Derivative of f at x is defined even though f need not be

Question

In the textbook "Differential Topology" I came across the following statement:

Suppose that $f$ is a smooth map of an open set in $\mathbb{R}^n$ into $\mathbb{R}^m$ and $x$ is any point in its domain. Then for any vector $h \in \mathbb{R}^n,$ the derivative of $f$ in the direction $h,$ taken at the point $x,$ is defined by the conventional limit

$$df_x(h) = \lim_{t \to 0} \frac{f(x+th)-f(x)}{t}$$

With $x$ fixed, we define a mapping $df_x: \mathbb{R}^n \to > \mathbb{R}^m$ by assigning to each vector $h \in \mathbb{R}^n$ the directional derivative $df_x(h) \in \mathbb{R}^m.$ Note that this map, which we call the derivative of $f$ at $x,$ is defined on all of $\mathbb{R}^n$ even though $f$ need not be.
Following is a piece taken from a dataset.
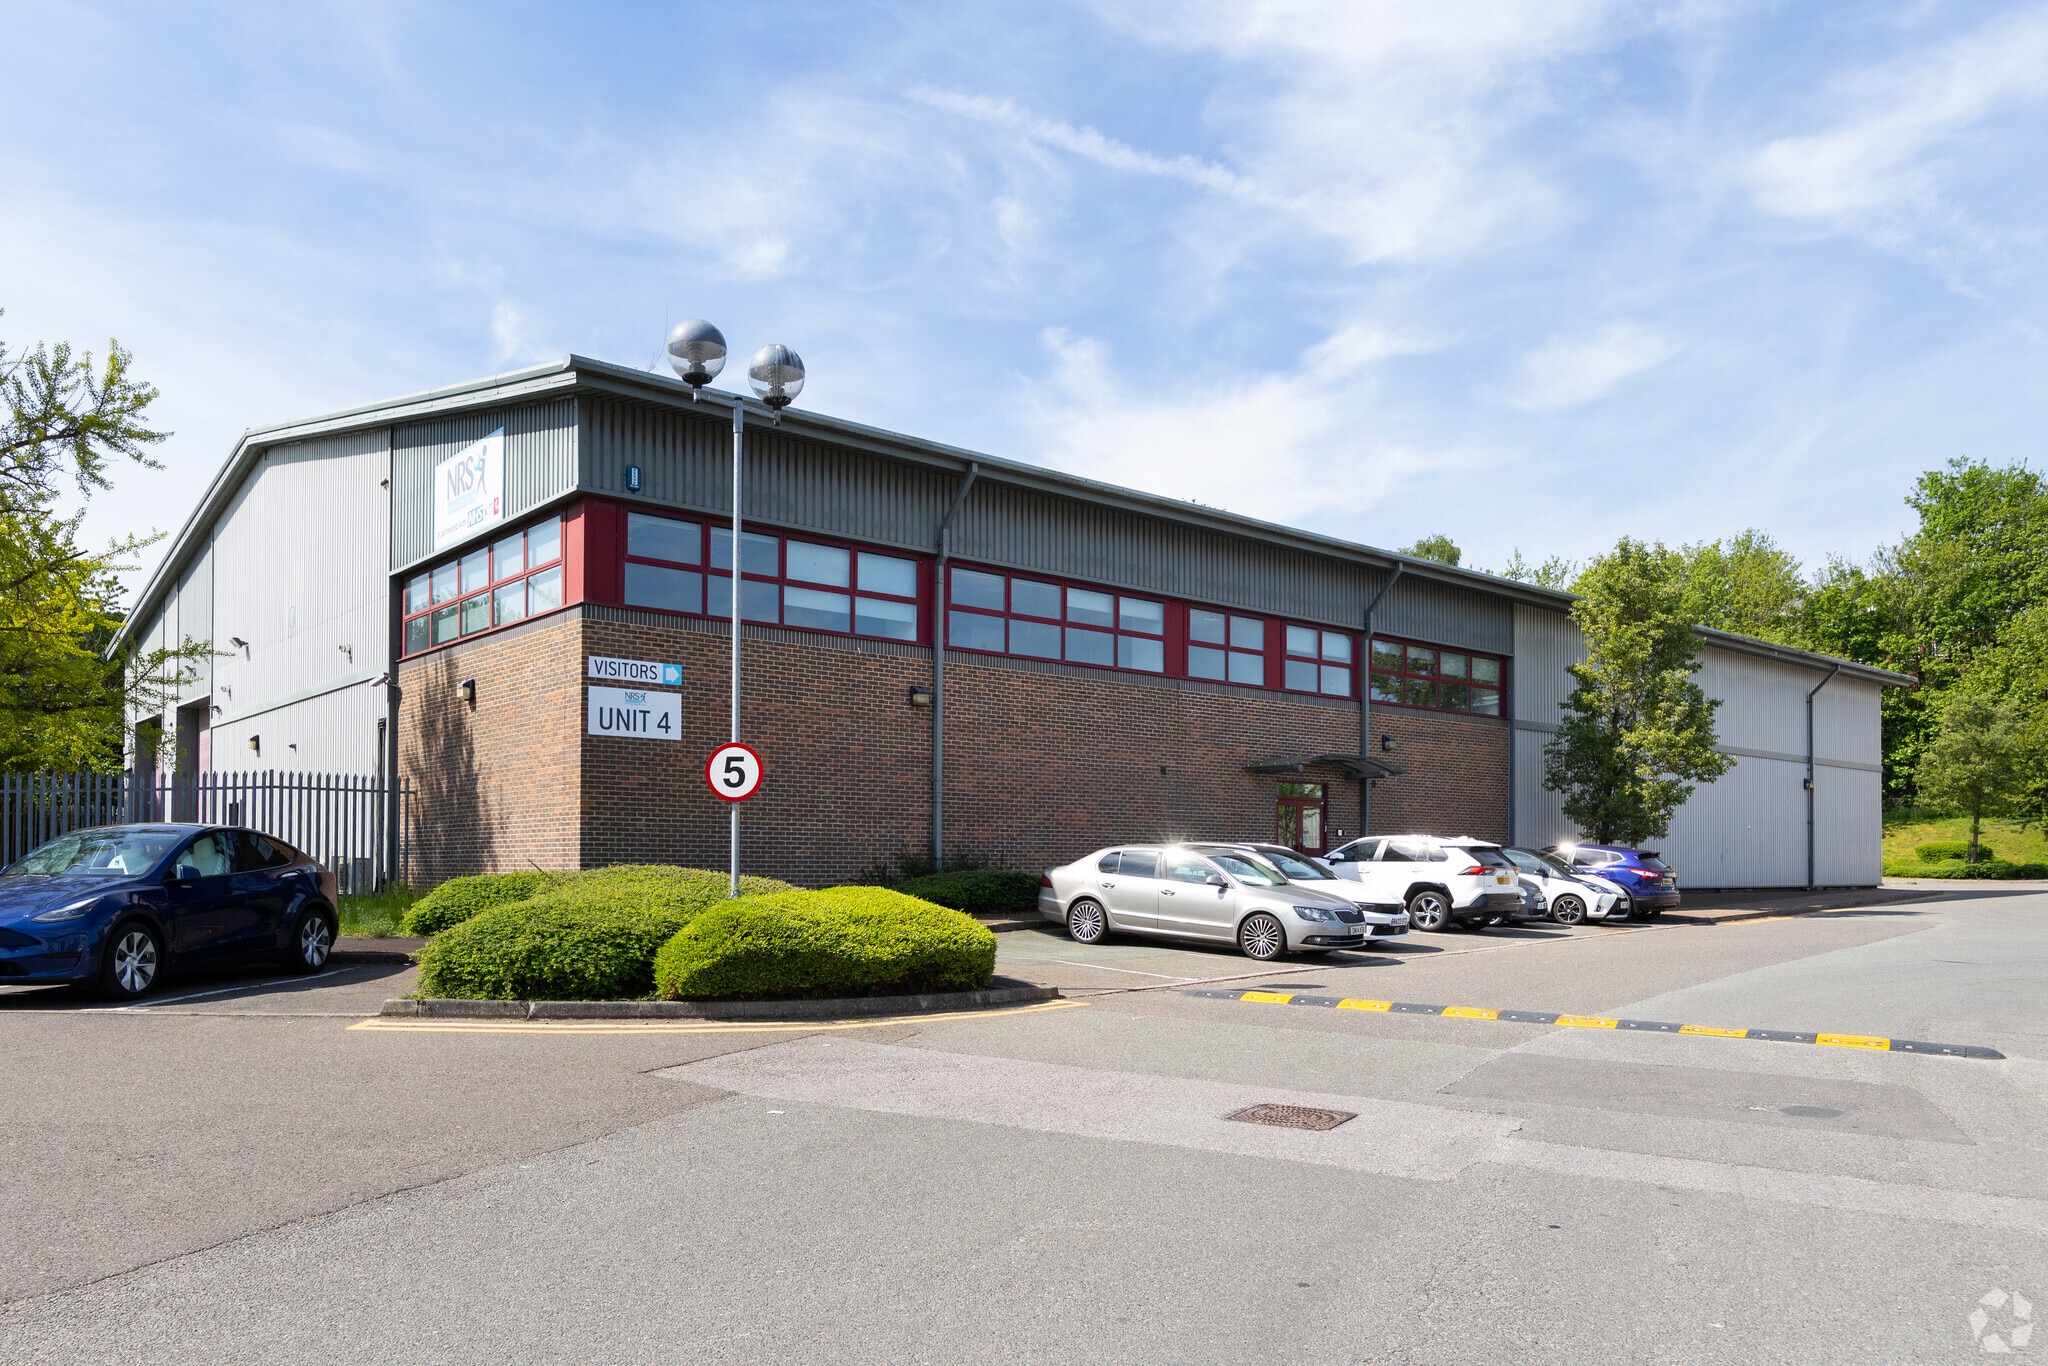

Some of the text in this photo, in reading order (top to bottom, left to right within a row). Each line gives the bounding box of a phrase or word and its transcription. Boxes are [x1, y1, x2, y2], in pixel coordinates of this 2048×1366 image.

Why is the last statement true? How can the derivative of $f$ at $x$ exist, or the above limit, if $f(x)$ is not defined?

Answer 1

The copy of $\mathbb{R}^{n}$ that the derivative, $\text{d}f_{x}$ is acting on is not the copy of $\mathbb{R}^{n}$ that the function $f$ itself is working on.

To compute the value $\text{d}f_{x}(h) \in \mathbb{R}^{m}$ we need to know the value of $f$ in an open neighborhood of the point $x$, independently of the magnitude of the vector $h$, this is visible from the formula you wrote down.